The Tivo service was unique when it launched in the UK in 2000 and is _still_ unique today.

Other PVRs are available but non have the complete capabilities (and I mean built-in and not available as un-offical bolt-ons!) of Tivo; plus there's the unique Tivo User Interface which I don't think has been bettered yet 



> What I'm saying here is since there's no likelihood of my street being cabled, does this mean I can't expect ever to take advantage of a new Tivo, given the exclusivity of the deal with Virgin?

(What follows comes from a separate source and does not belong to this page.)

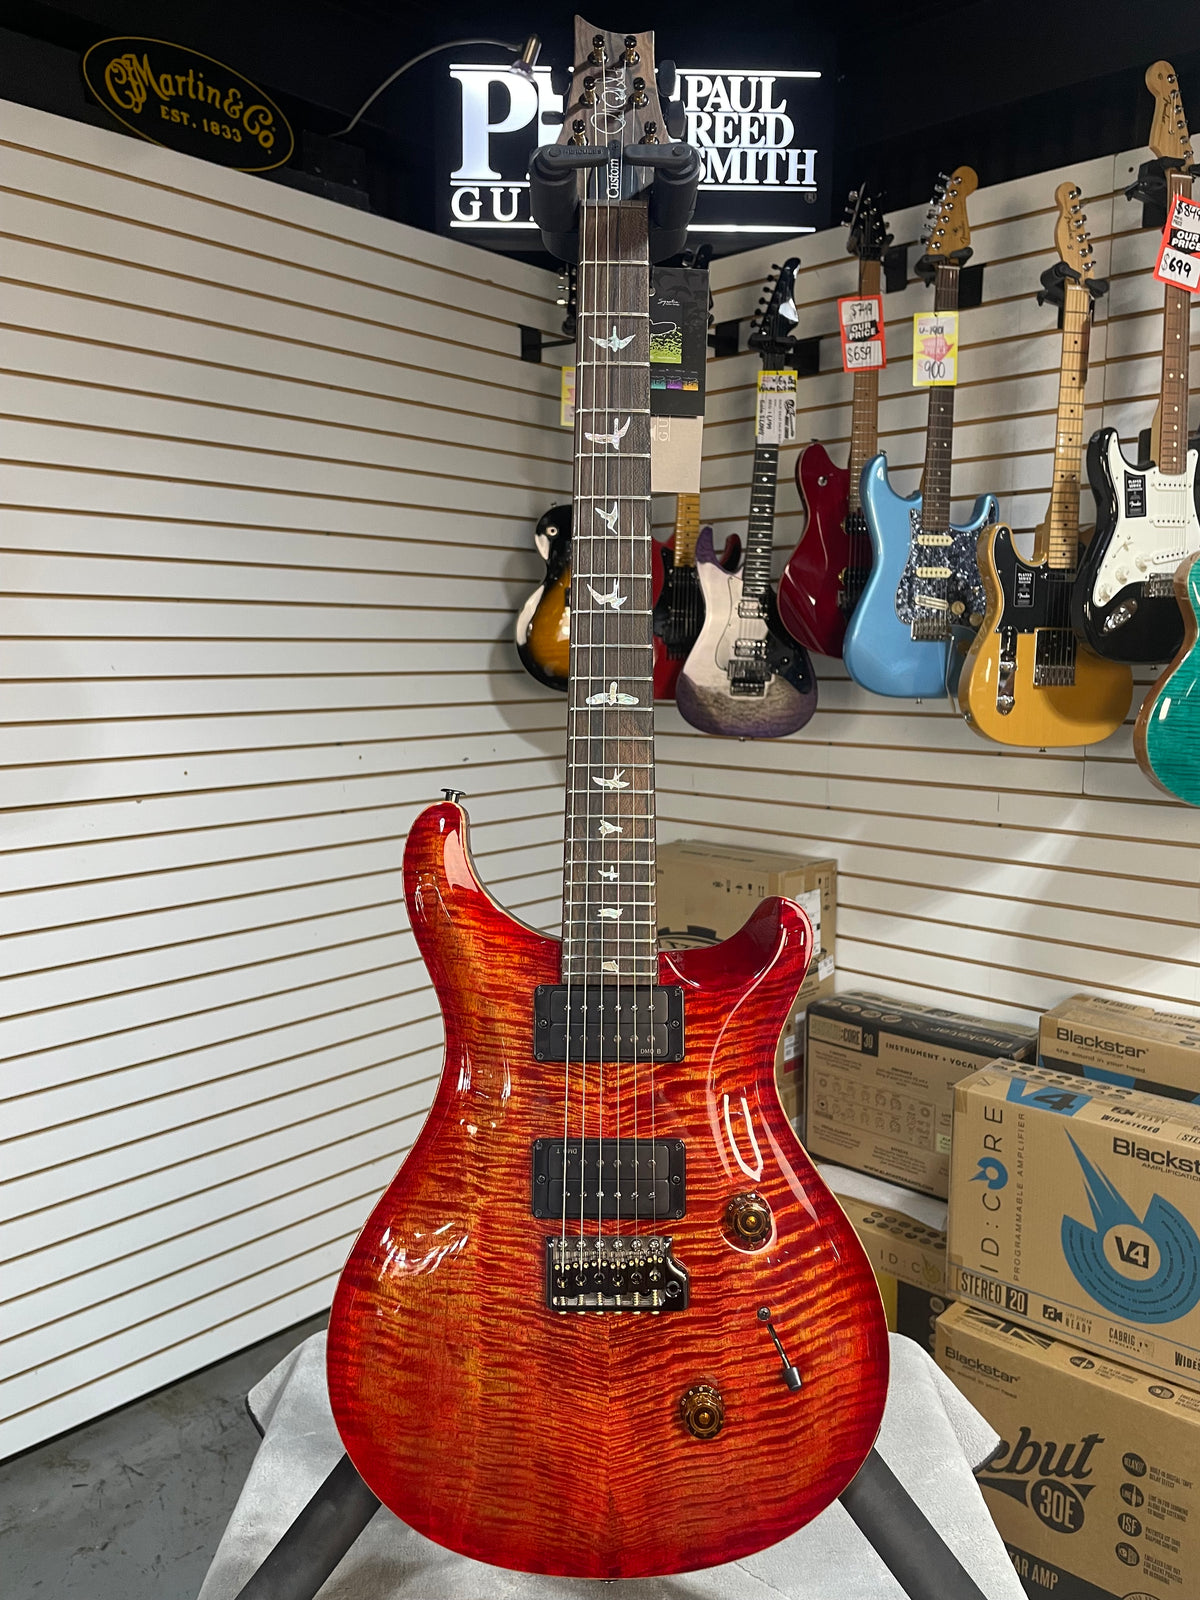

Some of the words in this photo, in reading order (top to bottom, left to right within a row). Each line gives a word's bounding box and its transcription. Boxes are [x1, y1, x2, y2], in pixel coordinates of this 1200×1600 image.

Not yet but by no means not ever.

Note: All of the above is my own opinon and from my own knowledge. I don't have any "insider info" or anything that isn't in the public domain.


----------



## iankb (Oct 9, 2000)

mrtickle said:


> ... which other PVR offers Wishlists and Suggestions?


Suggestions are certainly unique to TiVo, but Wishlists aren't.

MCE does Wishlists.


----------



## Pete77 (Aug 1, 2006)

iankb said:


> MCE does Wishlists.


@iankb

And what significant improvements (if any) have there been in MCE and its capabilities under Windows 7?

Also can we assume that running a Sky card in a Dragon CAM with Windows MCE will be killed for the time being once only the new white Sky cards can decrypt any encrypted Sky channels?

@Krautrocker

Tivo's financial model doesn't work with a non subscription product like Freeview since there is no income source to pay its royalty fees for the software or the ongoing monthly fees to Tribune for the enhanced metadata in Tivo's EPG.


----------



## iankb (Oct 9, 2000)

Pete77 said:


> And what significant improvements (if any) have there been in MCE and its capabilities under Windows 7?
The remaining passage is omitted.